Mercury Weather knows where you’re going

When I was planning my trip to New Zealand a couple of years ago, I got frustrated by the fact that there was no way to see, at a glance, the weather in the various cities I’d be visiting when I’d be visiting them. I could add Christchurch, Queenstown, Wellington, and Auckland as cities, but I’d need to toggle between them all to get a sense of what the weather was looking like later in my trip.

In frustration, I built a convoluted shortcut for my New Zealand trip that queried Apple Weather for forecasts from a manual itinerary. I could manually run the shortcut to see the future travel forecast. It worked, but it wasn’t glanceable and wasn’t elegant.

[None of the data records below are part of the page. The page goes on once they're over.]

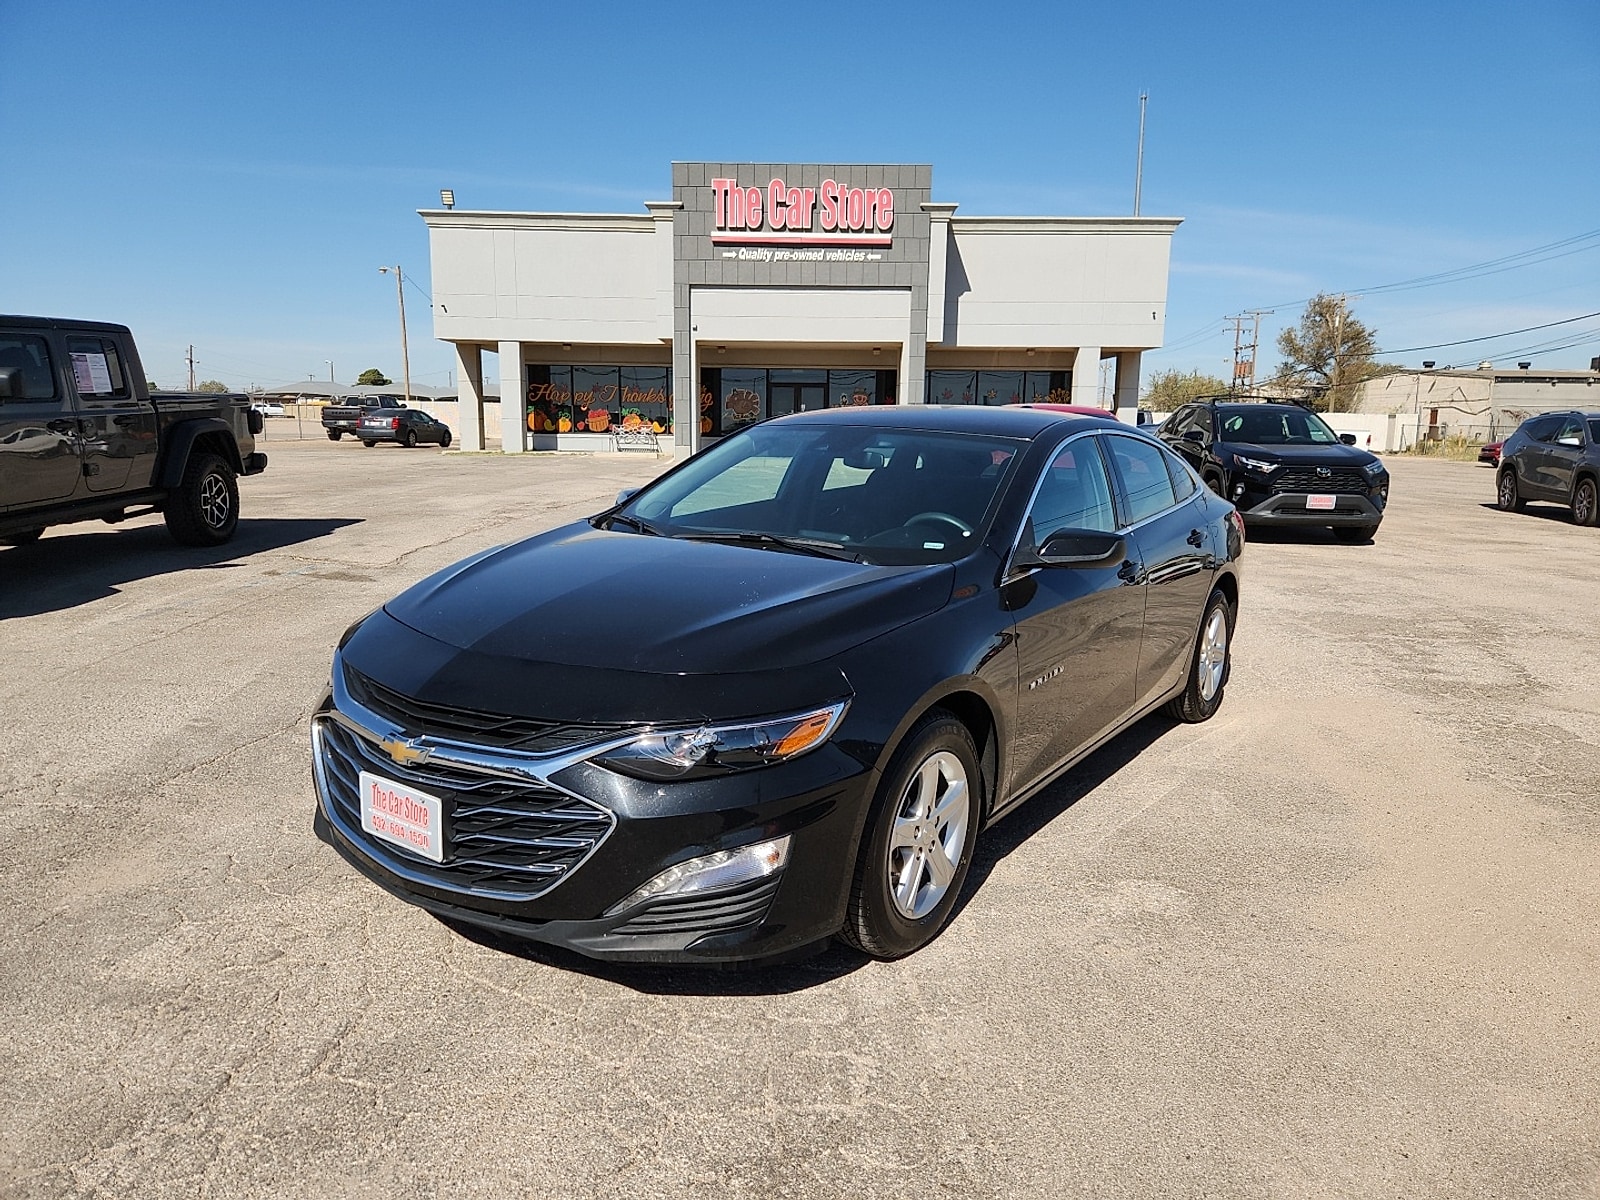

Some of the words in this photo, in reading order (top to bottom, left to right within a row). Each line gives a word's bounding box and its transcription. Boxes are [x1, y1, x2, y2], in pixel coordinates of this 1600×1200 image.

[711, 178, 763, 229] The
[767, 178, 816, 230] Car
[820, 179, 894, 230] Store
[738, 248, 770, 262] Quality
[774, 249, 824, 262] pre-owned
[826, 249, 865, 261] vehicles
[528, 383, 597, 411] Happy
[371, 783, 387, 811] The
[388, 791, 404, 817] Car
[404, 796, 429, 828] Store
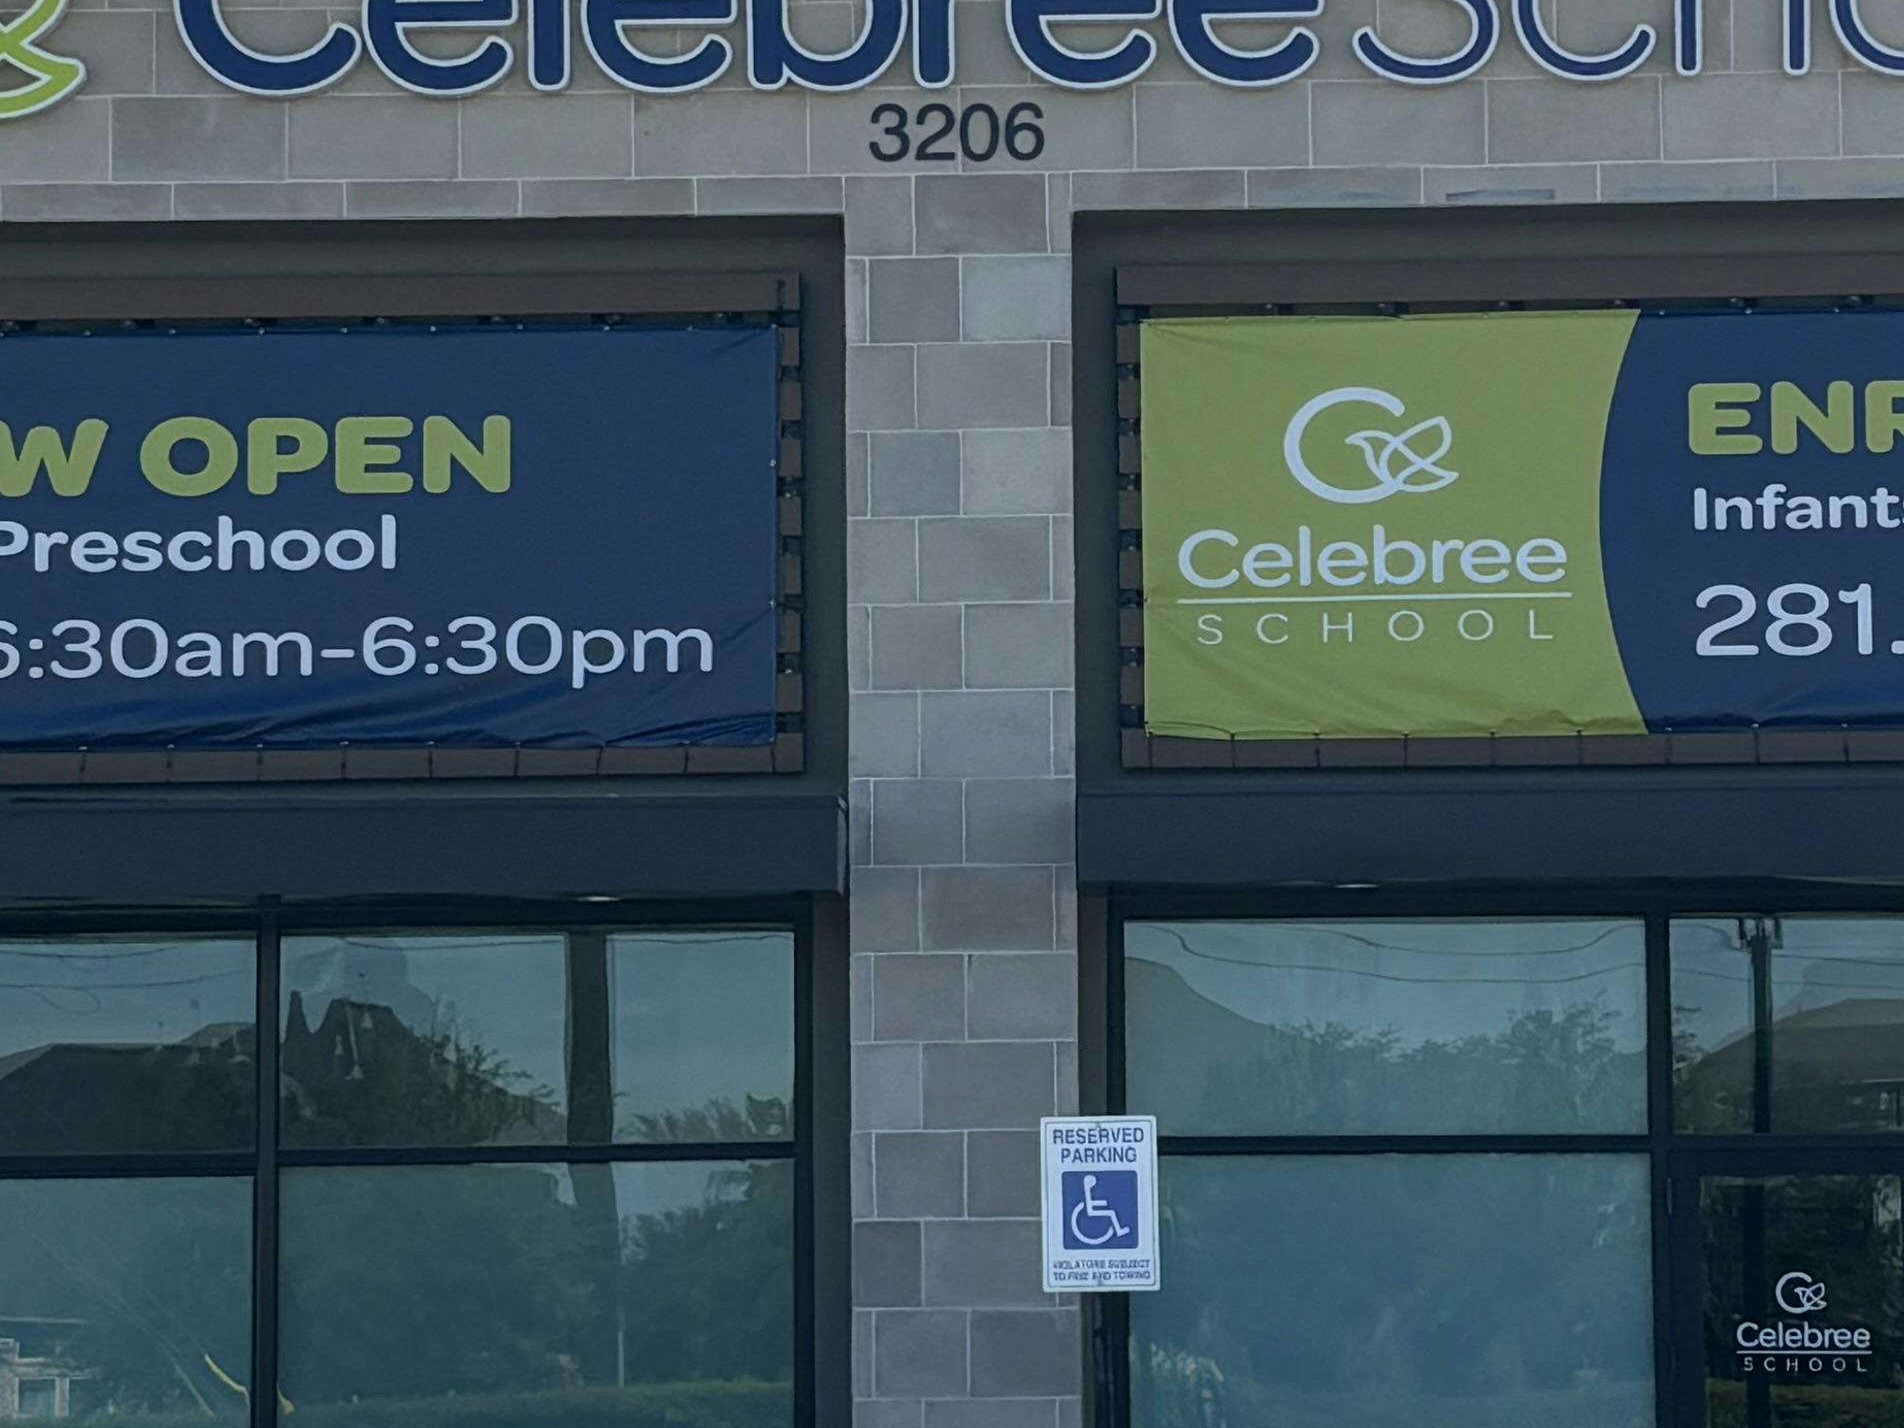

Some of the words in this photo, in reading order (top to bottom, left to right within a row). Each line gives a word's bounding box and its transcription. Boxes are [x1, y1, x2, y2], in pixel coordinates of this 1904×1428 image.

[868, 101, 1046, 163] 3206
[139, 414, 511, 497] OPEN
[1177, 524, 1568, 589] Celebree
[1197, 609, 1554, 645] SCHOOL
[1053, 1127, 1144, 1145] RESERVED
[1061, 1146, 1137, 1163] PARKING
[1736, 1321, 1871, 1349] Celebree
[1743, 1356, 1868, 1372] SCHOOL

A few months after my trip, though, the iOS app Mercury Weather went and added a trip forecast feature, which lets you put your trip forecast on an iOS widget. It’s so good that I now pay for Mercury Weather ($2.99/month, $14.99/year, $49.99 lifetime purchase) just for this feature.
As with most other weather apps, Mercury Weather adds as many saved locations as you want. But you can also separately add Upcoming Trips, which are like saved locations but with a name, symbol, and date range attached. When the date of your trip comes within Mercury’s 10-day forecast window, the Daily Forecast chart in the app incorporates the data from the trip location instead of telling you what the weather will be like at home, where you won’t be.

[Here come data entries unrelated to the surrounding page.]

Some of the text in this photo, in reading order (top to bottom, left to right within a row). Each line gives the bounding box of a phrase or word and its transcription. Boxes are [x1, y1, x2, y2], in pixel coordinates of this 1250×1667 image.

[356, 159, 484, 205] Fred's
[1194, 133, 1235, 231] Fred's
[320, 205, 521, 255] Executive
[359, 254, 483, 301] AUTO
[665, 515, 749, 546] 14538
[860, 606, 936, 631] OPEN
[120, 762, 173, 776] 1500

But the home screen widget is my favorite. I usually keep a home-built weather widget visible on my devices, but it’s actually saved in a stack with Mercury Weather. When I have a trip upcoming, I swipe on the stack and switch to Mercury so I can see what’s in store. I’ll keep that widget active the entire time I’m traveling, so I can see what’s up in the next destination and also what the weather will be like when I get back home.
As Joe Rosensteel wrote about on this site last year, our mobile devices should get better at understanding that their users move around. They should. But in the meantime, I’m happy that Mercury Weather knows when I’m on the move.